In the cabin the mender stirs the egg with vinegar and shepherd’s purse for the client who’s coming later, an over-bleeder. The drink will staunch her clotty, aching flow. She’s got no job and no insurance. I can pay you with batteries, her note said. Vinegary egg screwed tight in a glass jar and tucked into the mini fridge, beside a foil-wrapped wedge of cheddar. The mender wants the cheese right now, this minute, but cheese is only for Fridays. Black licorice nibs are for Sundays.

She mostly eats from the forest. Watercress and bitter cress, dandelion, plantain. Glasswort and chickweed. Bear grass, delicious when grilled. Burdock root to mash and fry. Miner’s lettuce and stinging nettle and, in small quantities, ghost pipe. (She loves the white stalks boiled with lemon and salt, but too much ghost pipe can kill you.) And she gleans from orchards and fields: hazelnuts, apples, cranberries, pears. If she could live off the land alone, without person-made things, she would. She hasn’t figured out how yet, but that doesn’t mean she won’t. Show them how Percivals do.

Her mother was a Percival. Her aunt was a Percival. The mender has been a Percival since age six, when her mother left her father. Which was because her father went away most Friday afternoons and didn’t come back until Monday and never said why. “A woman wants to know why,” said the mender’s mother. “At least give me that, fuckermo. Names and places! Ages and occupations!” They drove west across Oregon’s high desert, over the Cascade Mountains, mother smoking and daughter spitting out the window, to the coast, where the mender’s aunt ran a shop that sold candles, runes, and tarot packs. On the first night, the mender asked what that noise was and learned it was the ocean. “But when does it stop?” “Never,” said her aunt. “It’s perpetual, though impermanent.” And the mender’s mother said, “Pretentious much?”

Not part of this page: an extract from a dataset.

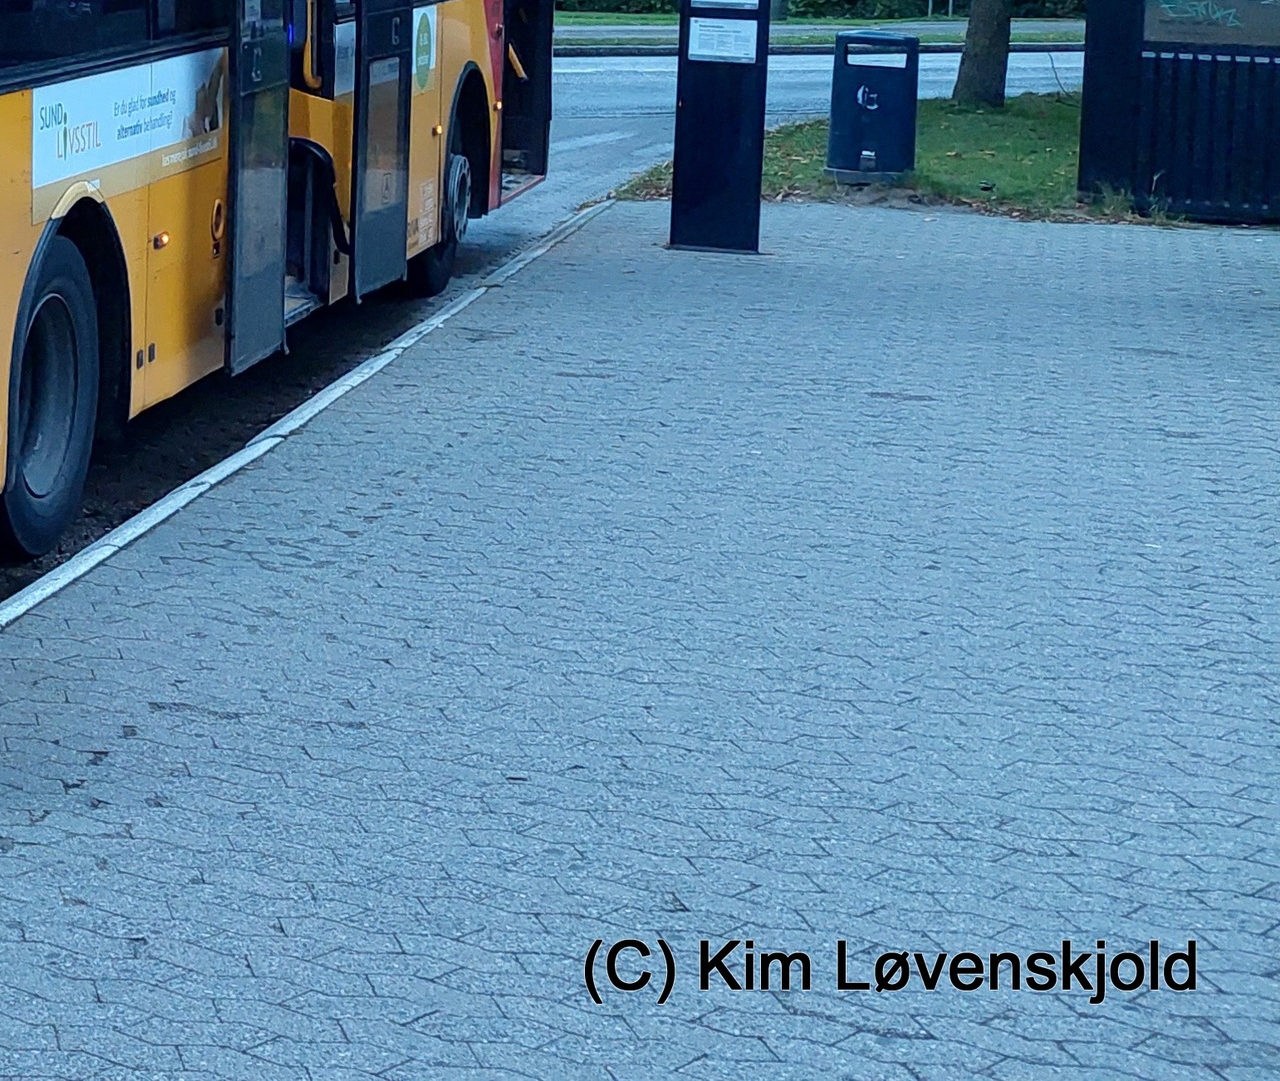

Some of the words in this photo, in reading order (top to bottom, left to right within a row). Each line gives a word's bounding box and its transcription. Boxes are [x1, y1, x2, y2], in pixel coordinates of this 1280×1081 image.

[147, 88, 170, 108] sundhed
[40, 103, 64, 131] SUND
[117, 119, 142, 140] alternativ
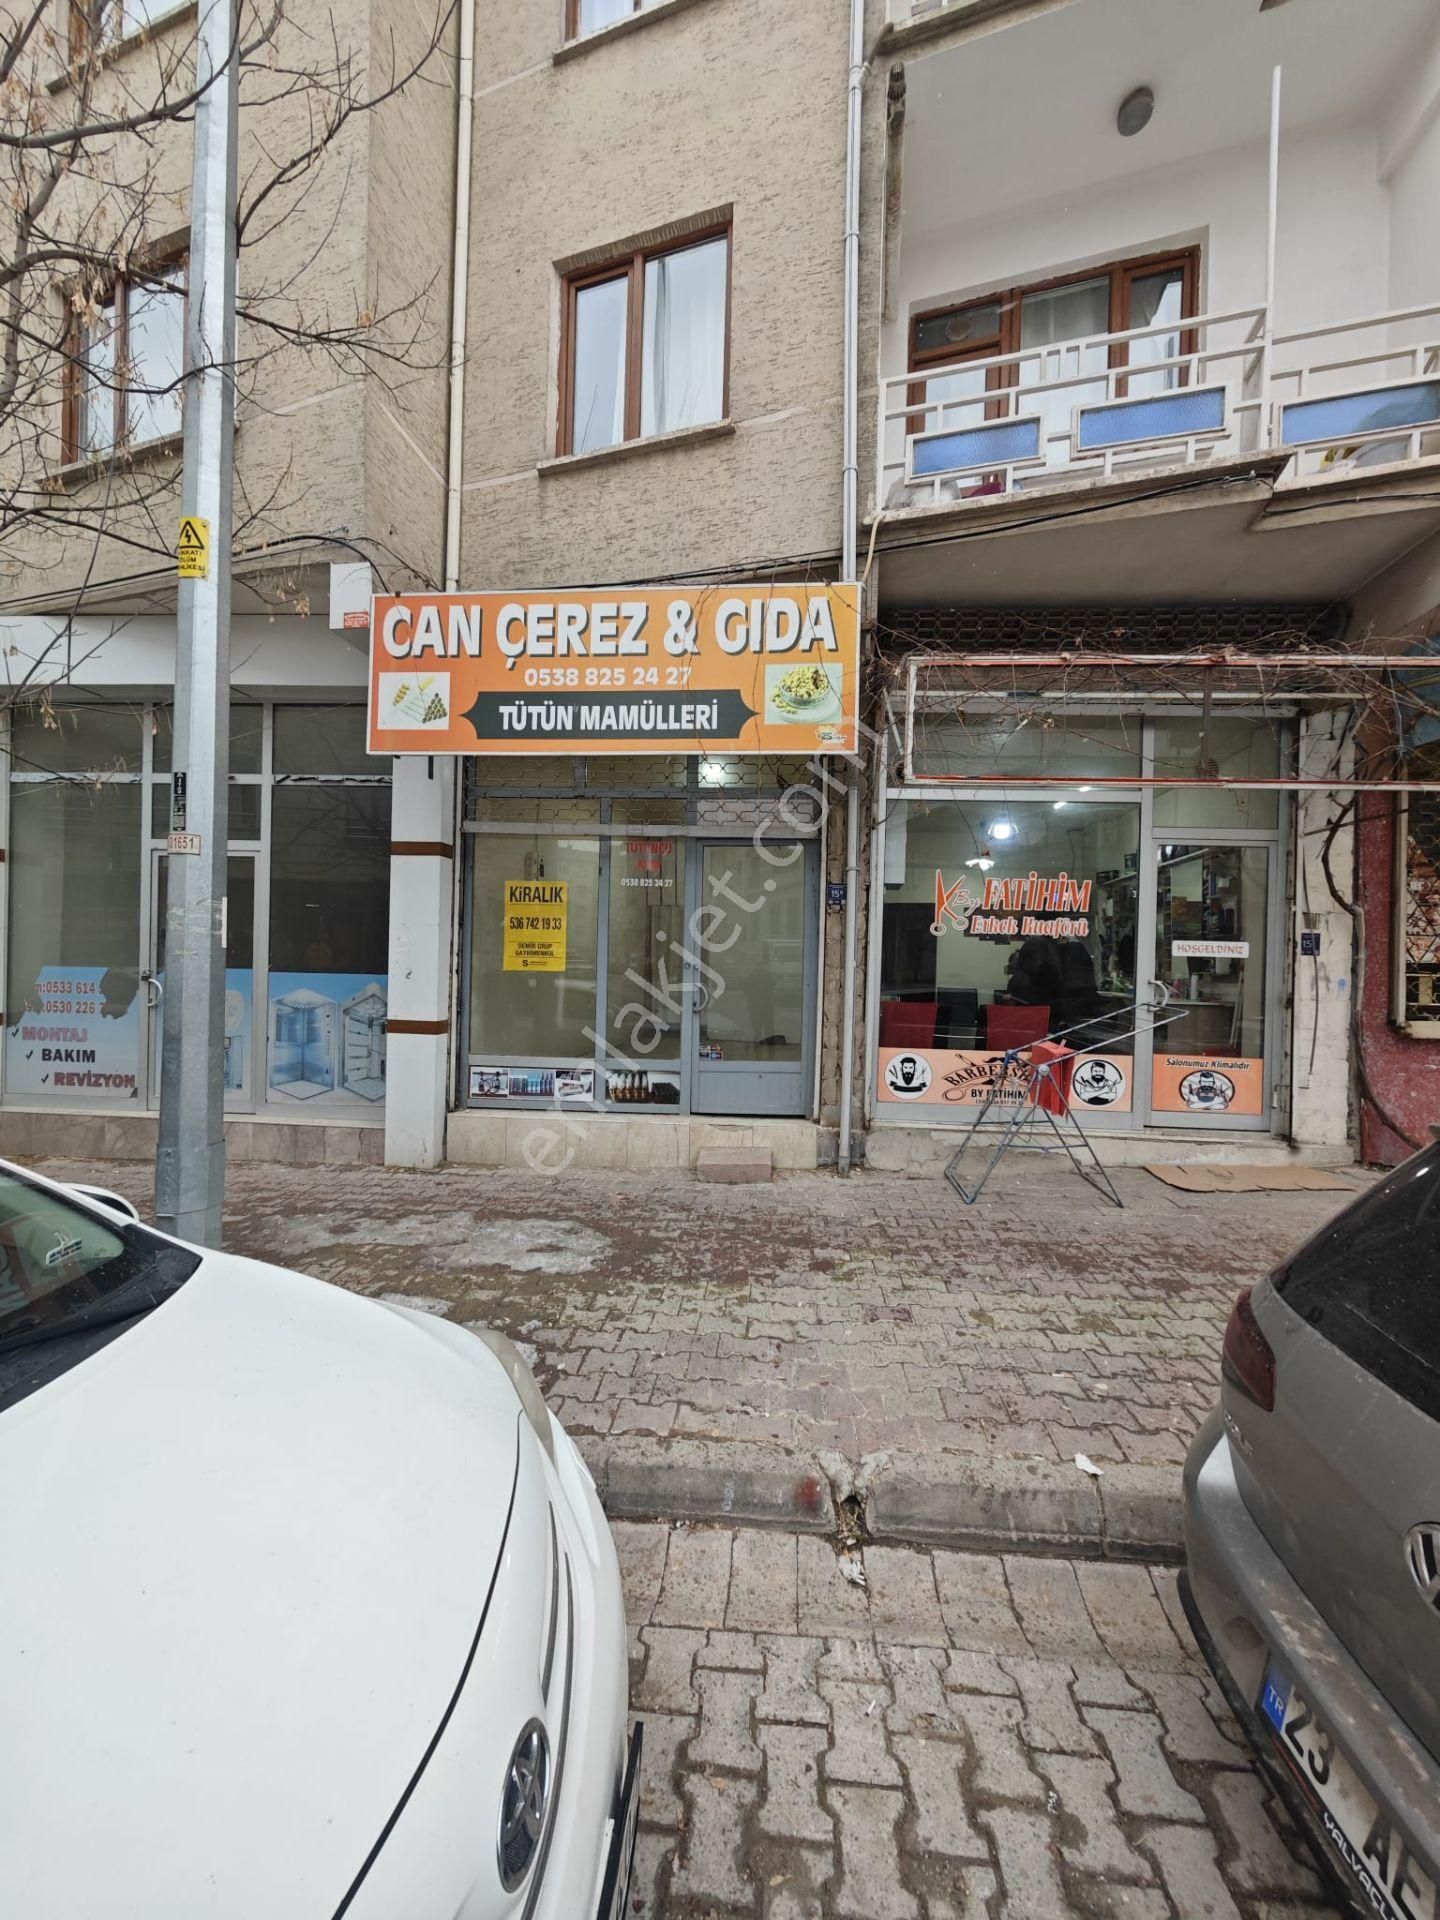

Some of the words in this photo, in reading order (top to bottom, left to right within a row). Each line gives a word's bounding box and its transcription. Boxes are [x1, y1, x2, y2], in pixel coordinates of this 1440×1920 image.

The mender would take pretentious any day over high.

She lies naked with the cat by the stove’s heat, hard steady rain on the roof and the woods black and the foxes quiet, owlets asleep in their nest box. Malky leaps from her lap, paws at the door. “You want to get soaked, little fuckermo?” Gold-splashed eyes watch her solemnly. Gray flanks tremble. “You have a girlfriend you need to meet?” She shakes off the blanket and opens the door, and he flashes out.

Whenever Lola came over, Malky hid; she thought the mender lived in the cabin alone. “Don’t you get frightened,” said Lola, “all the way up here in the middle of nothing?”

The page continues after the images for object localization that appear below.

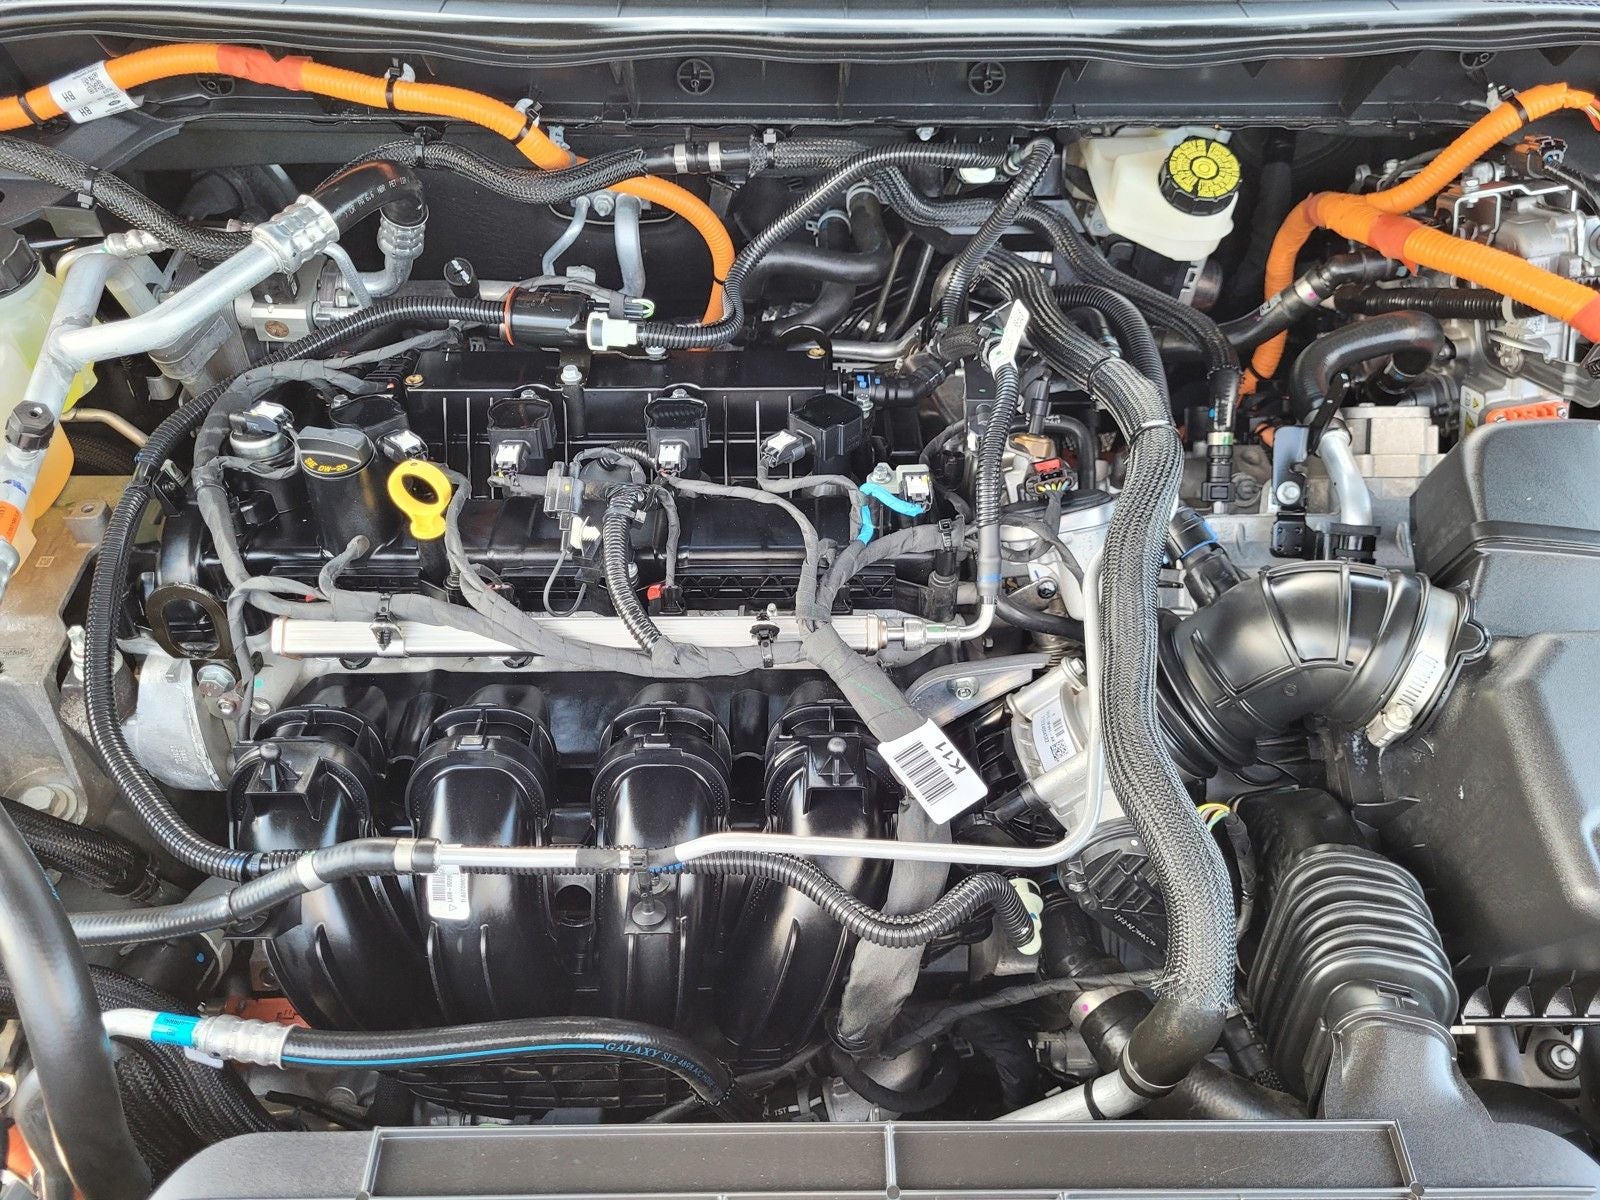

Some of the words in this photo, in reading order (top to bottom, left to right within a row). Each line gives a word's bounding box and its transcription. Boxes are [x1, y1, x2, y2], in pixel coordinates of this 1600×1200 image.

[62, 90, 76, 102] BH
[79, 106, 92, 116] BH
[304, 457, 319, 469] SAE
[934, 741, 967, 775] K11
[605, 1042, 662, 1058] GALAXY
[661, 1051, 679, 1064] SLE
[693, 1066, 706, 1078] AC

Silly bitch, trees are not nothing. Nor are cats, goats, chickens, owls, foxes, bobcats, black-tailed deer, long-eared bats, red-tailed hawks, dark-eyed juncos, bald-faced hornets, varying hares, mourning cloak butterflies, black vine weevils, and souls fled from their mortal casings.

Alone human-wise.

She hasn’t heard from Lola since that day of the shouting. No notes left in her mailbox at the P.O., no visits. It was more than shouting. A fight. Lola, in her adorable green dress, was fighting. The mender was not. The mender barely said a word.

Past noon, but the goats aren’t home yet. Cramp of worry. Last year they wrecked a campsite near the trail. Not their fault: some dumb tourist left food all over the woods. When the mender found them, the guy was pointing a rifle at Hans. “You better keep them on your property from here on out,” he said, “because I love goat stew.”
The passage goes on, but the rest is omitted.